"Quitte à choisir…"
Par Patsy le mardi, novembre 11 2014, 19:45 - Actualité internationale - Lien permanent
Chronique (novembre 2014)
A ma gauche, un oligarque au regard plutôt tourné vers l'Ouest, autrement dit l'Occident ; à ma droite, un oligarque au regard plutôt tourné vers le Nord, autrement dit vers Moscou. Telle pourrait être somme toute un résumé assez simple de la situation passée et présente de l'Ukraine, le pays où jadis existât une révolution orange.
Pauvre Ukraine. Depuis le début des années 1990, son calvaire continue. La nomenklatura soviétique s'est muée en caste néolibérale affairiste, et une terre sous le joug du capitalisme d’État s'est transformée en Far west pour kleptomanes avertis, autrement dit issu du sérail.

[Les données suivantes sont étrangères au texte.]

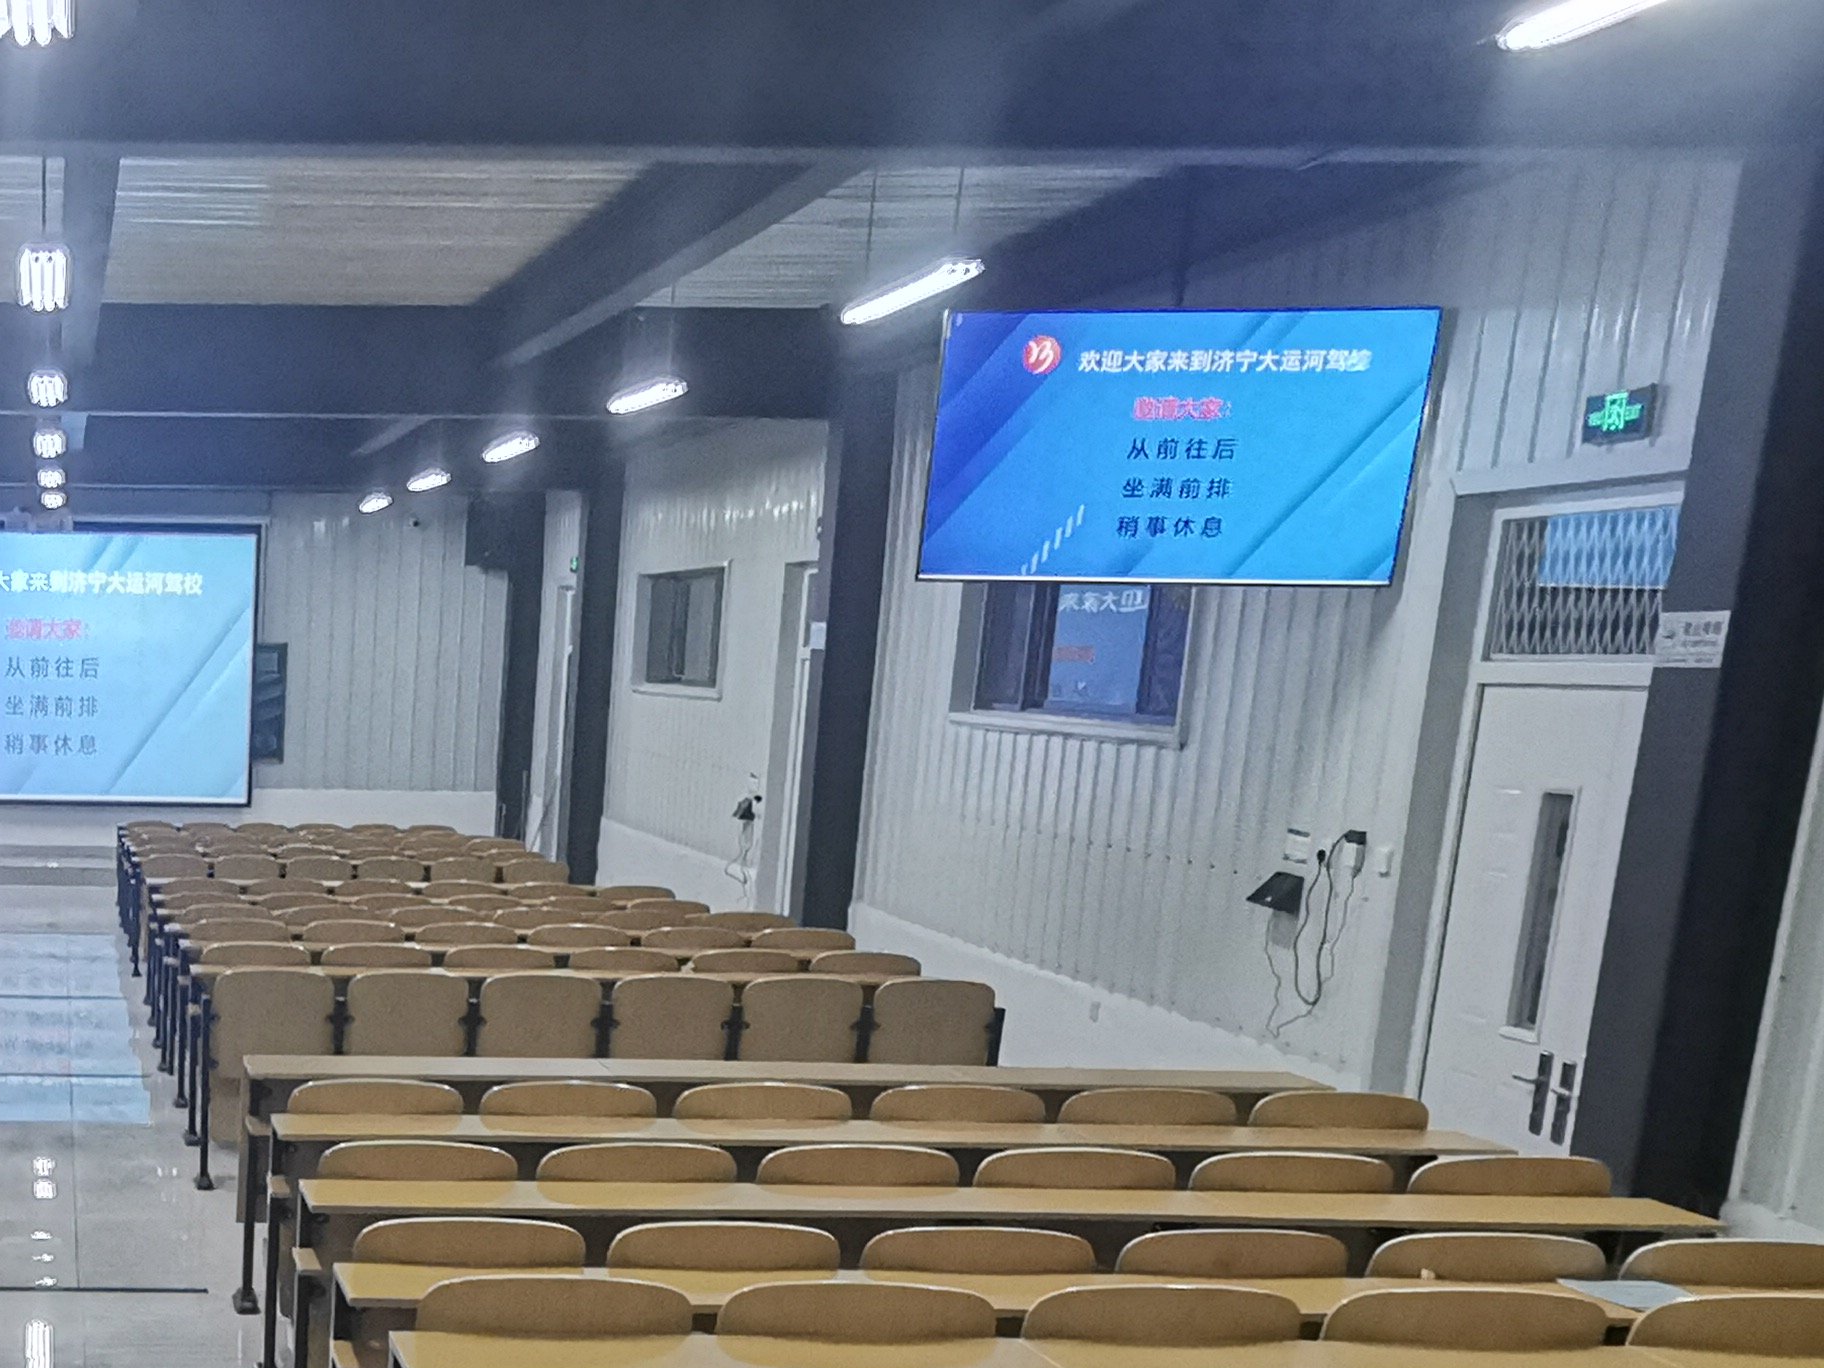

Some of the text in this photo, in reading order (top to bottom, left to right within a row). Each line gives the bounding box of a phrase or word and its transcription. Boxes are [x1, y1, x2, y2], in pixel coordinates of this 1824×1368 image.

[1078, 349, 1373, 372] 欢迎大家来到济宁大运河驾校
[1127, 438, 1239, 459] 从前往后
[1122, 477, 1231, 499] 坐满前排
[1116, 516, 1222, 538] 稍事休息
[5, 656, 99, 679] 从前往后
[5, 695, 98, 718] 坐满前排
[4, 732, 97, 755] 稍事休息

Rappelez-vous le trio comique des années 1990-2000 : Yanukovitch, Iouchtchenko, Timochenko. A se battre comme des chiffonniers pour le pouvoir, à s'allier, se quereller, se trahir, s'embrasser et à faire des affaires toujours. Car la constance est bien là : dans la capacité à tirer le maximum de sa position au coeur du jeu politicien. Oligarques ou porte-flingues des oligarques, manipulant la rue, les médias, la détresse sociale à grands coups de déclarations nationalistes fétides. Il fallait bien qu'un jour cela explose vraiment…

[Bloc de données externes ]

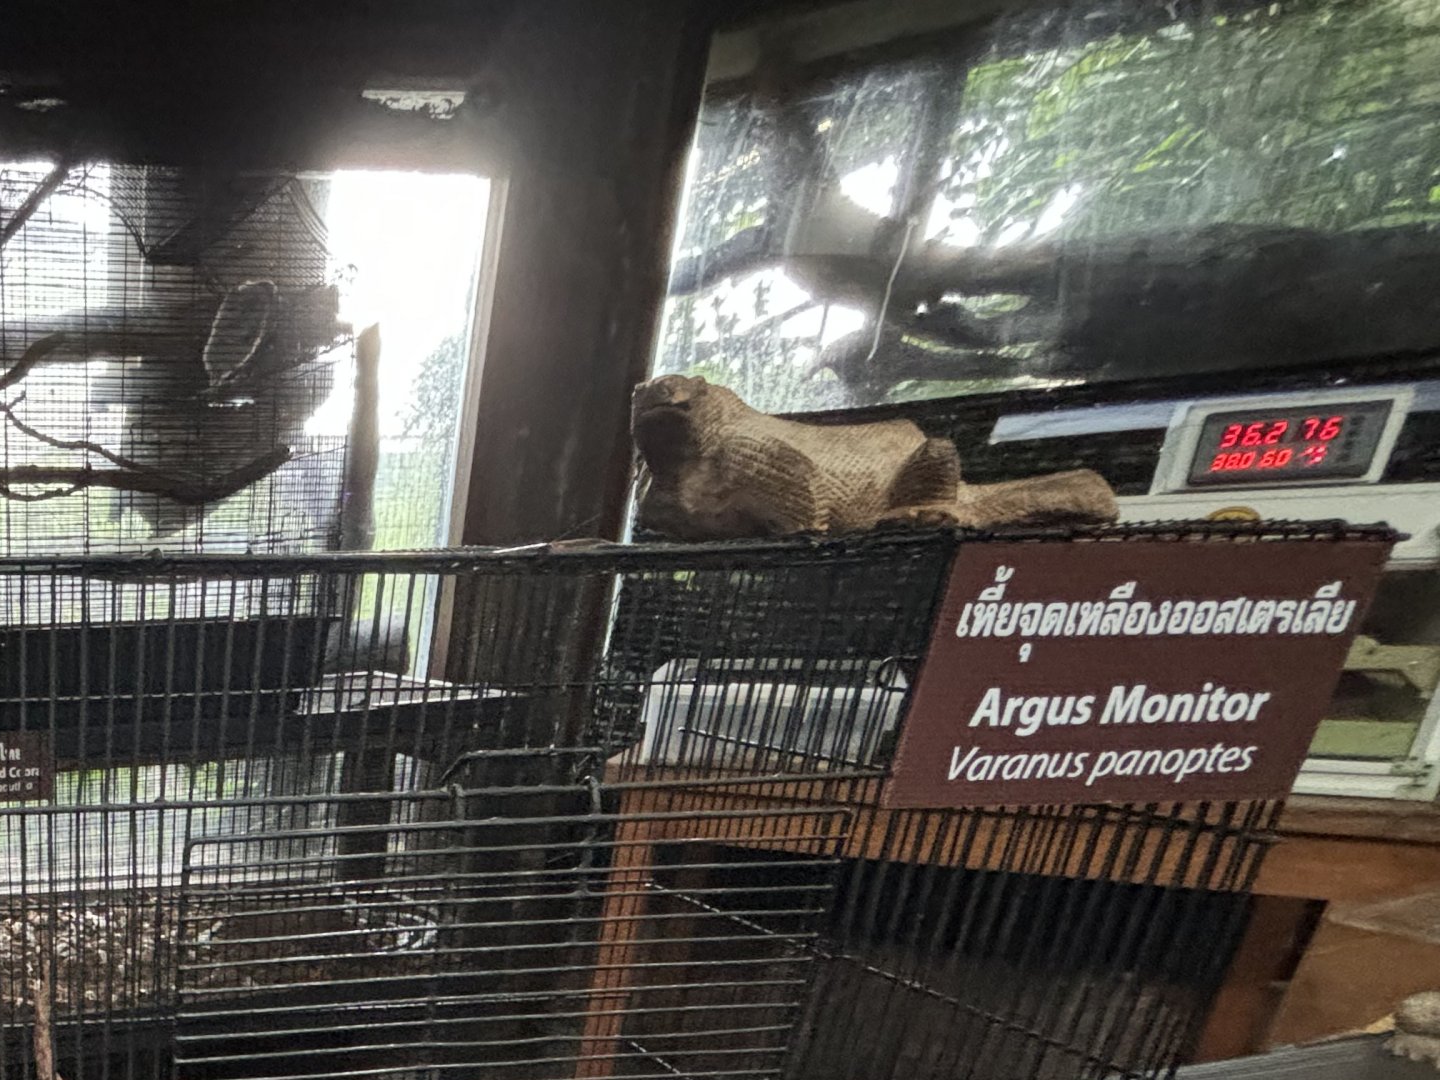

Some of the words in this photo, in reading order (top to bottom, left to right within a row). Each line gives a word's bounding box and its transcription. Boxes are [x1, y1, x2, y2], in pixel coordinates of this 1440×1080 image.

[1303, 416, 1343, 442] 76
[967, 687, 1096, 737] Argus
[1099, 682, 1271, 725] Monitor
[947, 746, 1090, 782] Varanus
[1085, 743, 1258, 786] panoptes
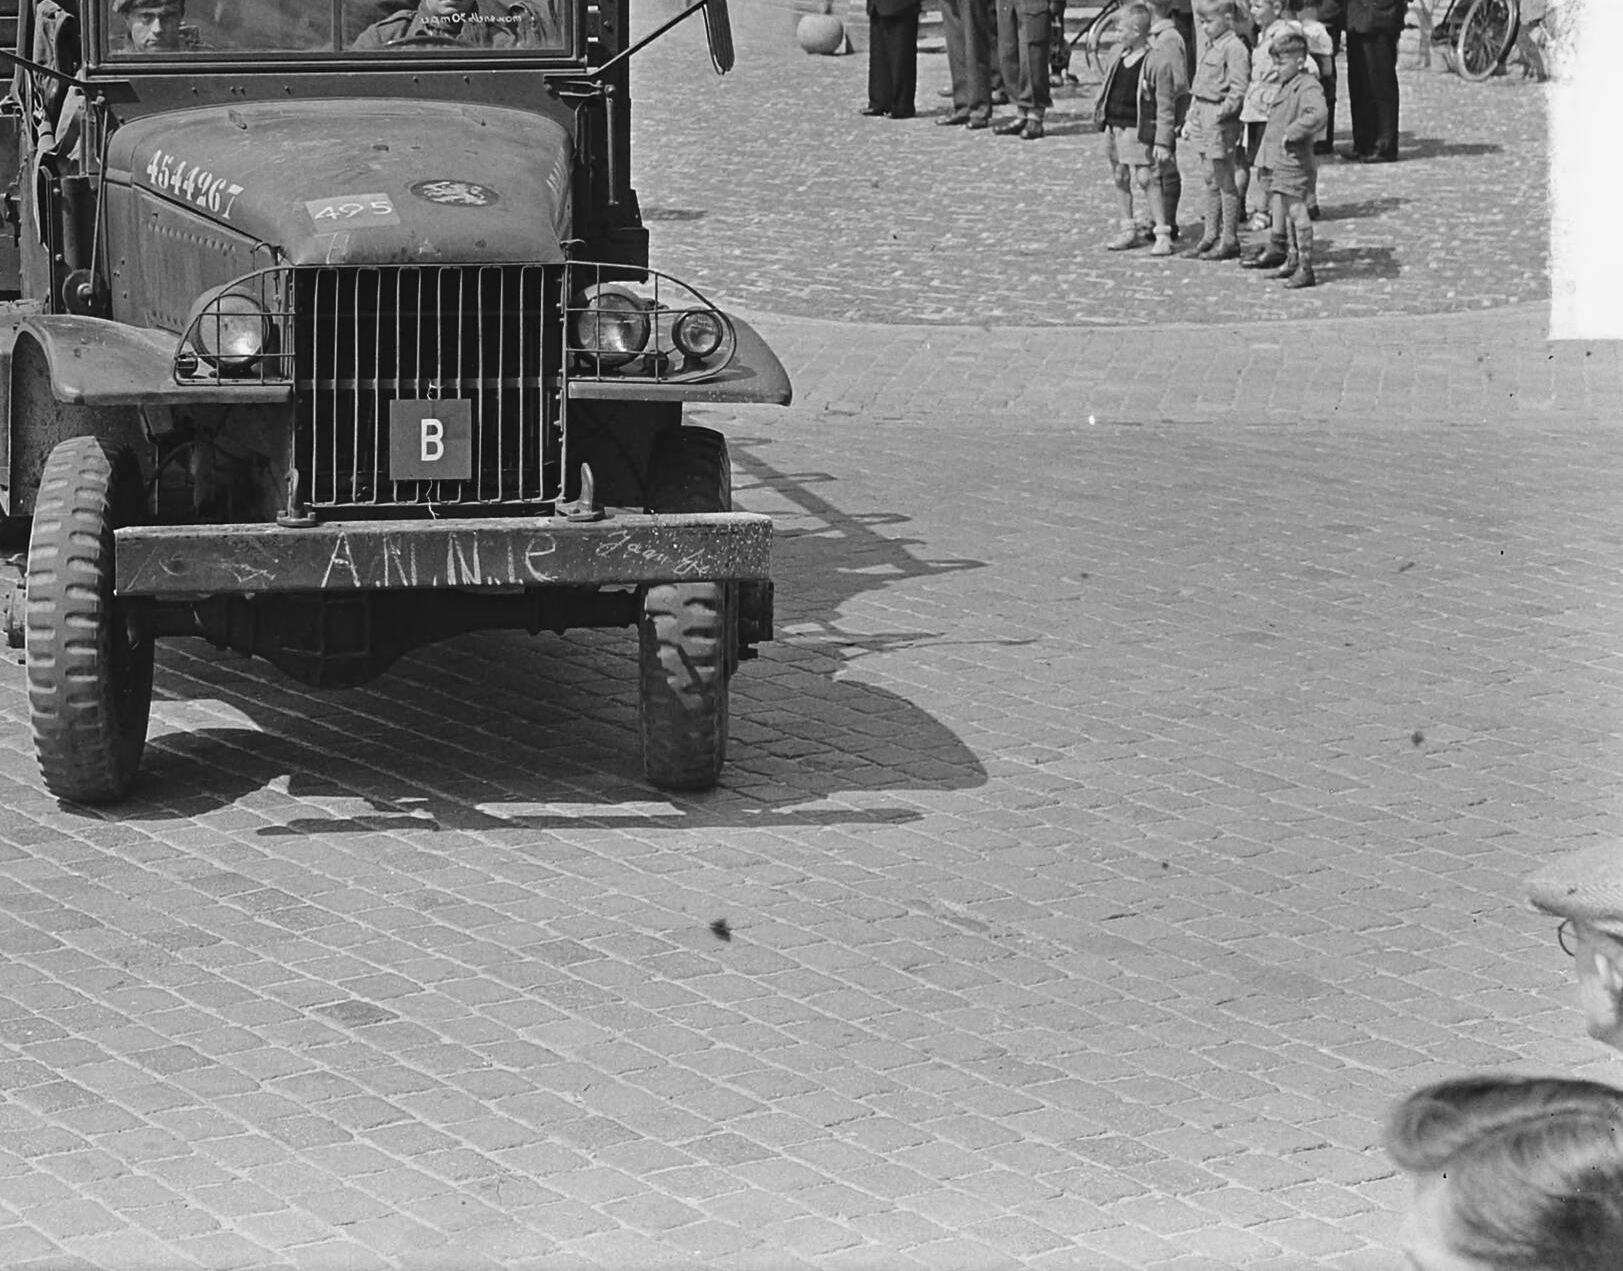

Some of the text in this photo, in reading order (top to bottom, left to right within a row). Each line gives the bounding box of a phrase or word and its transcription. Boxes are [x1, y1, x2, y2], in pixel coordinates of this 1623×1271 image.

[146, 149, 244, 220] 4544267
[314, 200, 393, 220] 495
[421, 418, 444, 461] B

Certains voudraient que l'on choisisse son camps. Celui des pro-occidentaux qui, malgré leurs défauts, formeraient un rempart devant l'impérialisme arrogant grand-russe. Celui des pro-russes qui, malgré leurs défauts, formeraient un rempart devant l'impérialisme arrogant des Etats-Unis, autrement dit de l'OTAN. Je pourrais répondre comme Arlette Laguiller en son temps, que mon camps reste celui des travailleurs. Mais lesquels ? Les mineurs russophiles du Donbass qui servent de masse de manœuvre aux pro-russes ? Ou les travailleurs de l'Ouest qui n'ont guère envie de retomber sous la férule moscovite ? Car la grande force du nationalisme réside bien dans sa capacité à abolir la fragmentation sociale, ou plutôt à absorber la différenciation sociale, à l'englober dans un « grand Tout » national. Il ne sert à rien de choisir son camp car l'oligarque est versatile : il n'a pas la morale comme boussole mais son intérêt personnel. On ne peut comprendre la situation actuelle en Ukraine sans voir dans les oscillations des acteurs politiques leur volonté de s'affranchir de leurs tutelles respectives. Ce ne sont pas de simples marionnettes, mais des ambitieux qui jouent leur partition et jouent de leur satellisation.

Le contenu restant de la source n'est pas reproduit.